• [Work required]: All of the data below should be set down again verbatim, without any images.

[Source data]
━━━━━━━━━━━━━━━━

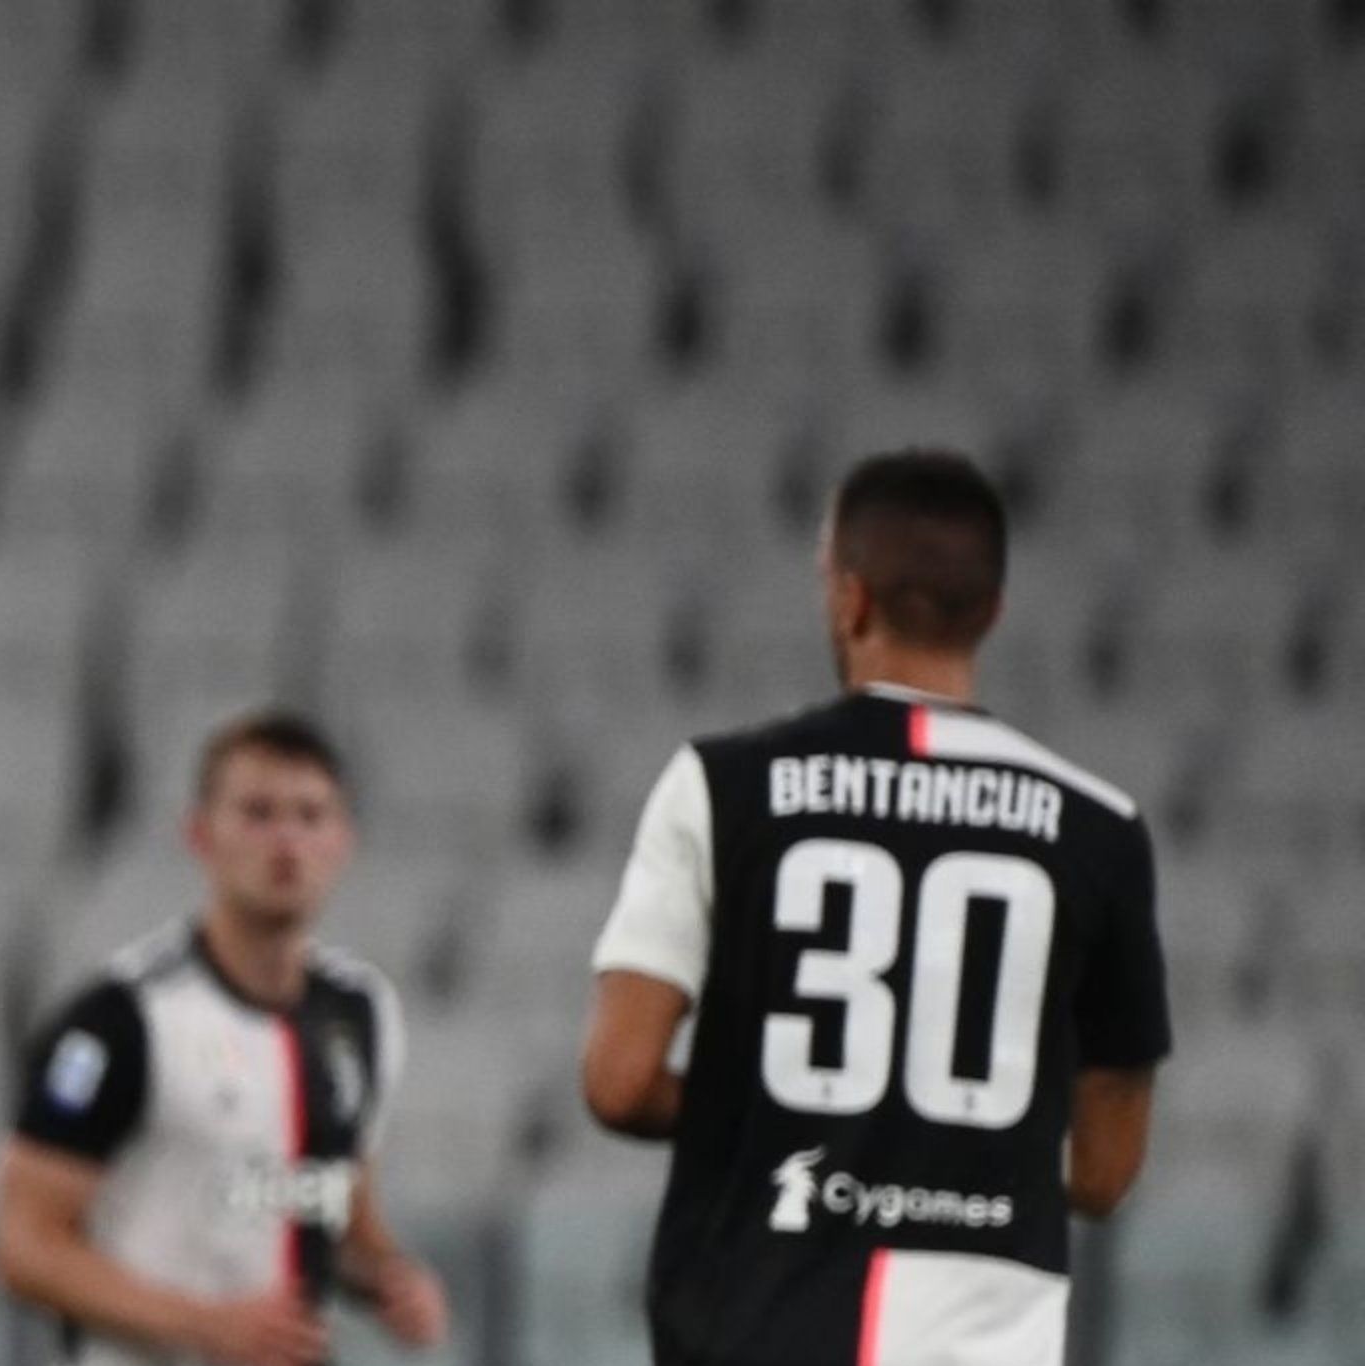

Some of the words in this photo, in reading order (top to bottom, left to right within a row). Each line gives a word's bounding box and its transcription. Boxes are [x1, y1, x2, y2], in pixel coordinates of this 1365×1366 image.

[770, 753, 1062, 842] BENTANCUR
[762, 837, 1056, 1130] 30
[821, 1170, 1013, 1228] Cygames
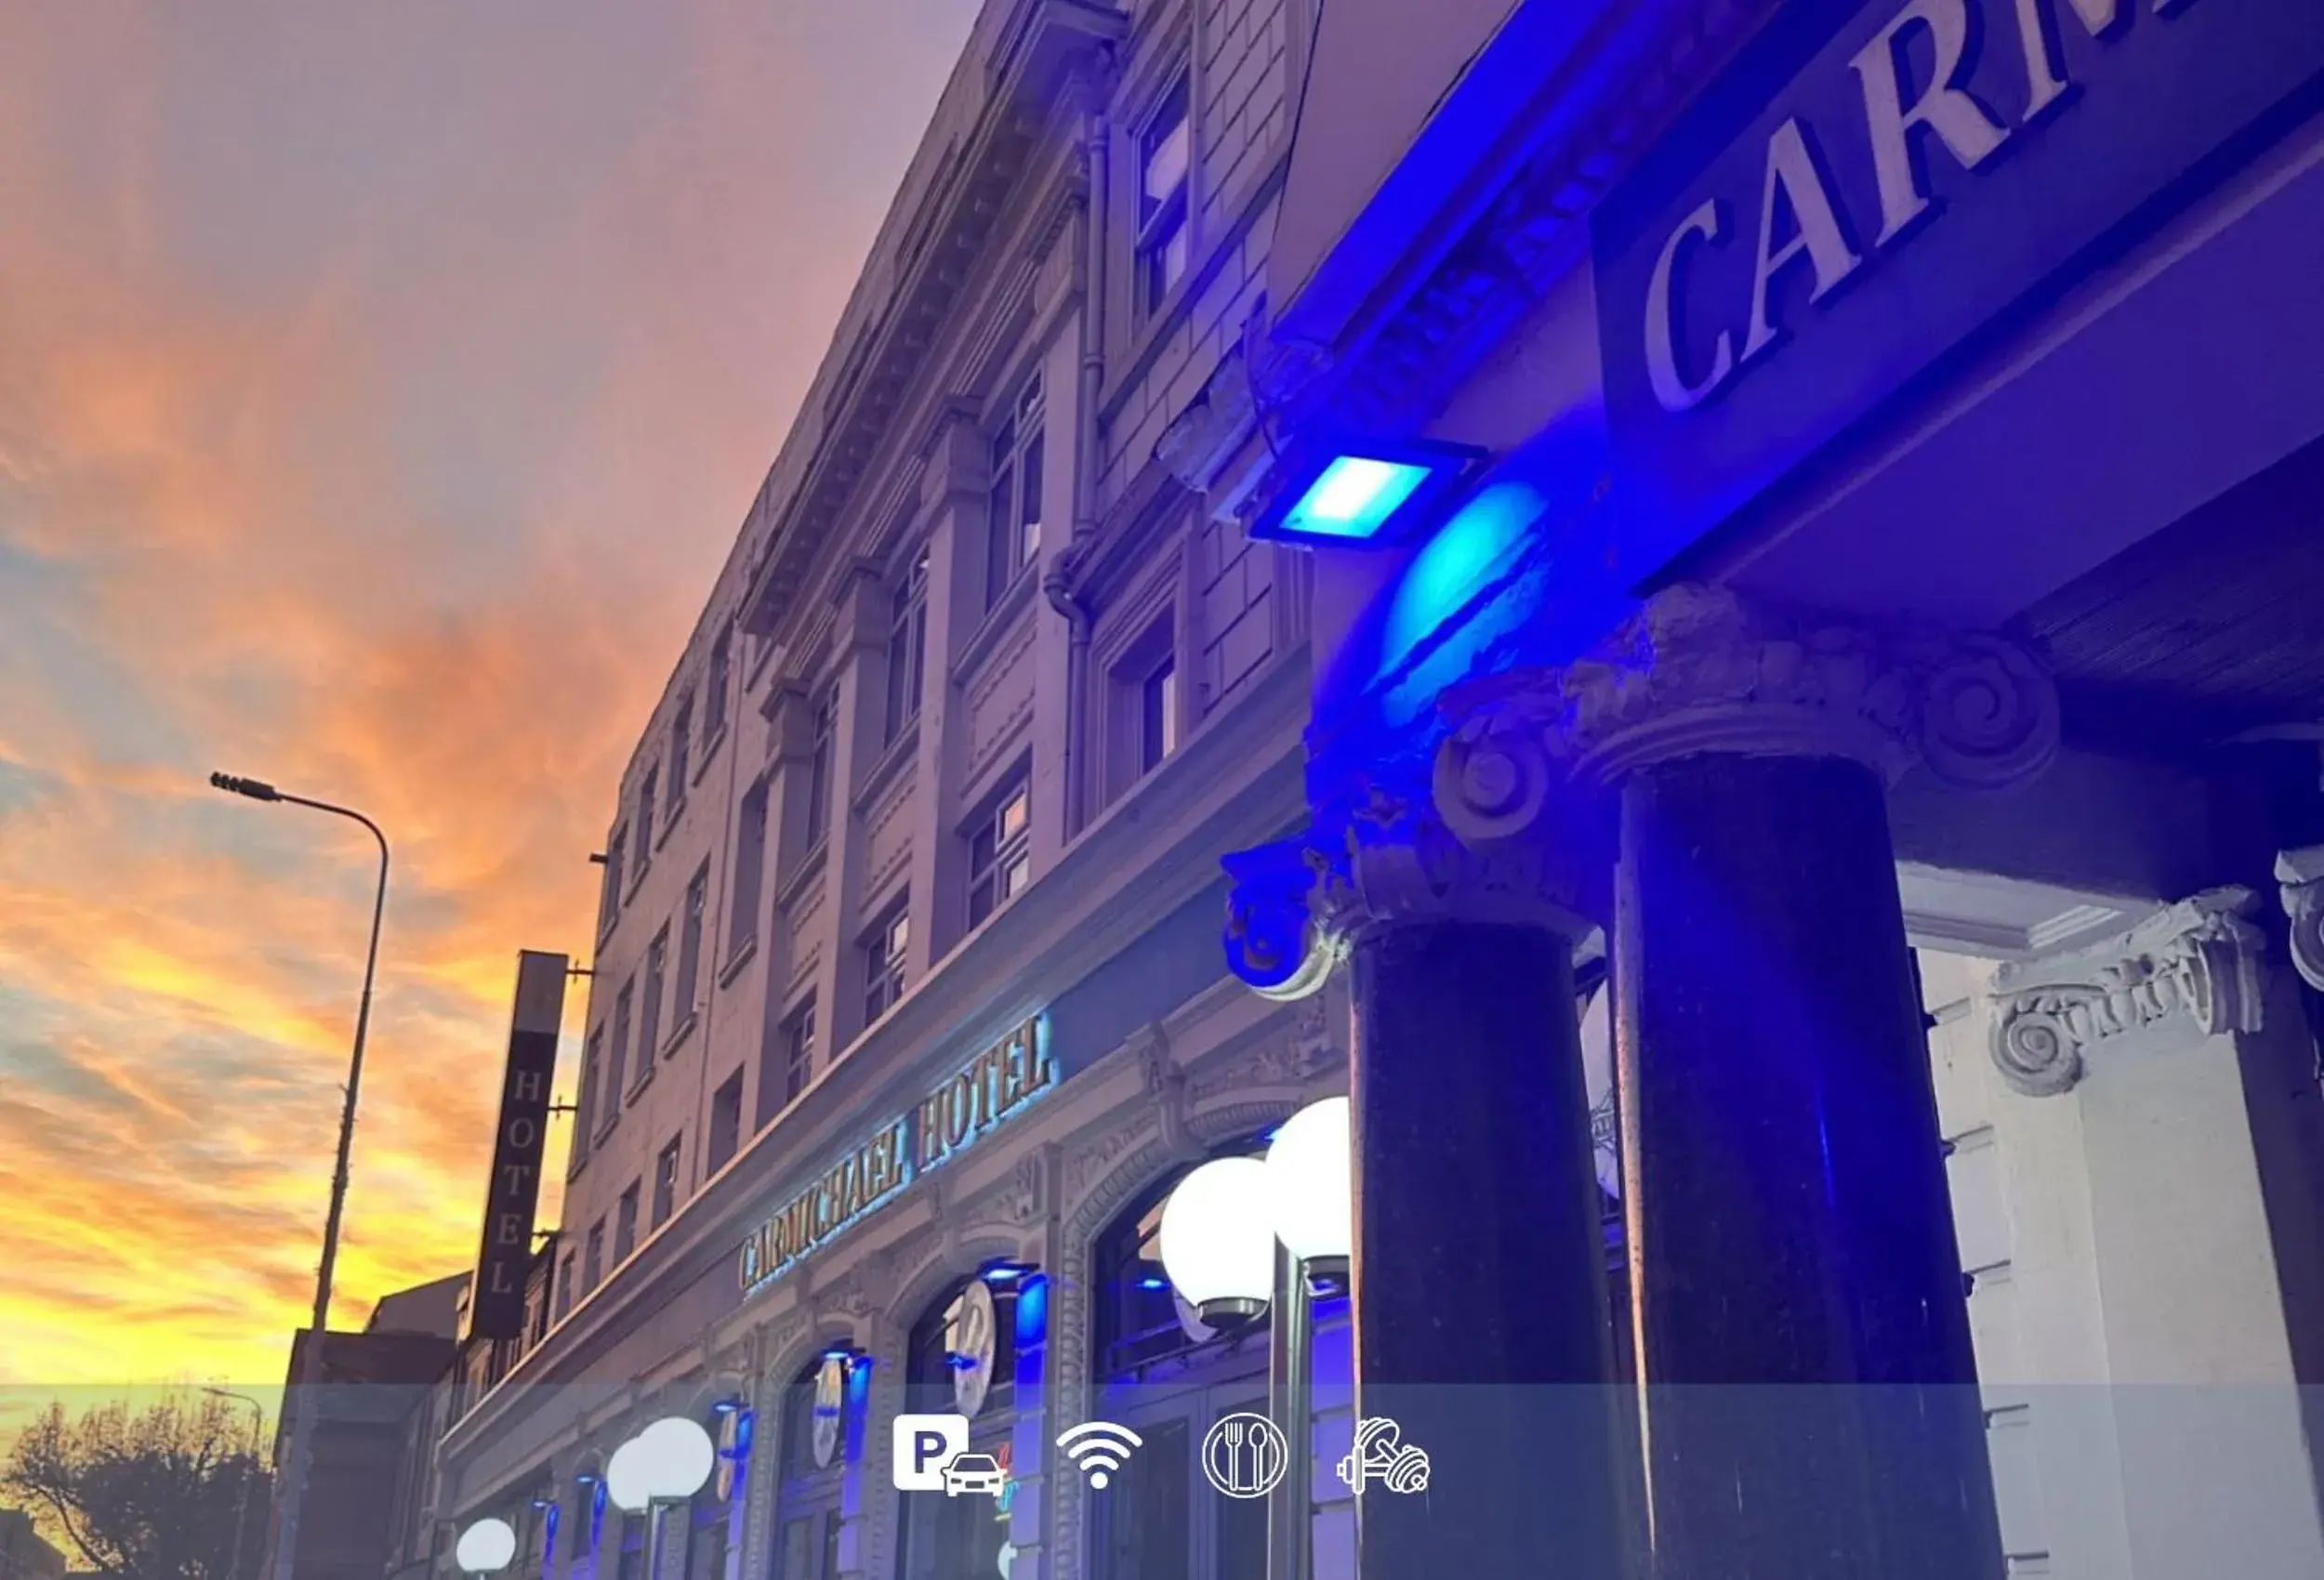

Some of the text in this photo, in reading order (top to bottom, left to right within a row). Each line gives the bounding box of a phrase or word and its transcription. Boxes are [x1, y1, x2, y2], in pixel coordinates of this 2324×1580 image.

[490, 1069, 542, 1294] HOTEL
[739, 1014, 1053, 1290] CARMICHAEL HOTEL

━━━━━━━━━━━━━━━━

• [Your solution]:
Some of the words in this photo, in reading order (top to bottom, left to right within a row). Each line gives a word's bounding box and its transcription. Boxes are [x1, y1, x2, y2], in pixel coordinates of this 1365×1366 image.

[770, 753, 1062, 842] BENTANCUR
[762, 837, 1056, 1130] 30
[821, 1170, 1013, 1228] Cygames

Some of the text in this photo, in reading order (top to bottom, left to right within a row). Each line gives the bounding box of a phrase or word and its transcription. Boxes are [x1, y1, x2, y2], in pixel coordinates of this 2324×1580 image.

[490, 1069, 542, 1294] HOTEL
[739, 1014, 1053, 1290] CARMICHAEL HOTEL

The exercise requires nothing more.